Willingham's debut thriller offers an unreliable narrator haunted by her father's decades-old serial killing--and her horrifying suspicion that recent disappearances are somehow connected to her past.
The summer Chloe Davis was twelve, six girls went missing in her rural Louisiana community. By the end of that summer, Chloe's father had confessed to the crimes of killing those girls, was convicted as a serial killer, and was put in jail for the rest of his life.
Twenty years later, Chloe struggles, but she has more good days than bad. She's a Baton Rouge psychologist who's preparing for her wedding, and she can mostly keep the terrors and trauma of the past at bay. She doesn't really let anyone in emotionally, including her fiancé, but she's doing her best.
When a local young woman goes missing, Chloe fights her rising panic. As another girl disappears, this time one she's tenuously connected to, and when she realizes that aspects of the disappearances echo those of her childhood, the psychologist wonders if she's imagining connections to the crimes of decades earlier. Is there another killer who preys on young women, one paying homage to the twentieth anniversary of her father's heinous crimes? And what is Chloe going to do about it?
When a reporter arrives in town, digging into Chloe's past and the recent disappearances, he sparks disturbing old memories and exacerbates the lurking fears and trauma that erupt for Chloe without warning.
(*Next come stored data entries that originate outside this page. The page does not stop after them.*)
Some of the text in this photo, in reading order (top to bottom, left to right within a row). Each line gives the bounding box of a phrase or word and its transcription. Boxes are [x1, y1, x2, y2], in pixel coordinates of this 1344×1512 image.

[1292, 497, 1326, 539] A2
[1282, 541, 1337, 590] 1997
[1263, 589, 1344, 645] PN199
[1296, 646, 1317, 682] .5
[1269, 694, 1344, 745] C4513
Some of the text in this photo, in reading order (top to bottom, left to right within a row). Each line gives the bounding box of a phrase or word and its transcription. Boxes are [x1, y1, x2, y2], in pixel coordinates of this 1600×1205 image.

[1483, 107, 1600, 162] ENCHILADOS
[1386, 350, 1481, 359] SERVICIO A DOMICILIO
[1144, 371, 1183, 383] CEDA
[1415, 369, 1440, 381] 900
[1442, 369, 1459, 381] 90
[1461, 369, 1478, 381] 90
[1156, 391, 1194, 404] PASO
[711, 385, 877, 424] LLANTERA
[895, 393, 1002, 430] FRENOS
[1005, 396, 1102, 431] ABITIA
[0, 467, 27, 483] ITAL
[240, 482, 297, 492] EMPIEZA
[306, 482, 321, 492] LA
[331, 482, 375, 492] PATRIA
She spirals into an unreliable-narrator routine of pills and wine, not quite sure what she's seen or what to make of it, staggering through her days, unsure whether it's day or night and less sure than ever of who she can trust.
Willingham made me suspect everyone, and while I'm sometimes frustrated by an unreliable-narrator setup, Chloe's swirling mind suited the story and allowed for uncertainty before the denouement.
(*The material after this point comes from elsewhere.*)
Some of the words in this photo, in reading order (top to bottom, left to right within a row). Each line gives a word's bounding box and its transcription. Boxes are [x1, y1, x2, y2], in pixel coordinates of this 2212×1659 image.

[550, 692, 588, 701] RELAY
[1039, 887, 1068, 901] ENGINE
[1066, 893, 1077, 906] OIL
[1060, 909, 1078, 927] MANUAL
I didn't completely buy into Chloe as a psychologist (although the career suited the plot), and I found some minor plot points tough to believe (going through with the alarm installation in such a fraught situation--!), but I liked how Willingham allowed for resolutions without glossing over the irrevocable effects of the deep doubts and trauma on the relationships in the story.
Do you have any Bossy thoughts about this book?
A Flicker in the Dark is Stacy Willingham's first book.
The story has been optioned by actress Emma Stone to be produced as a limited television series.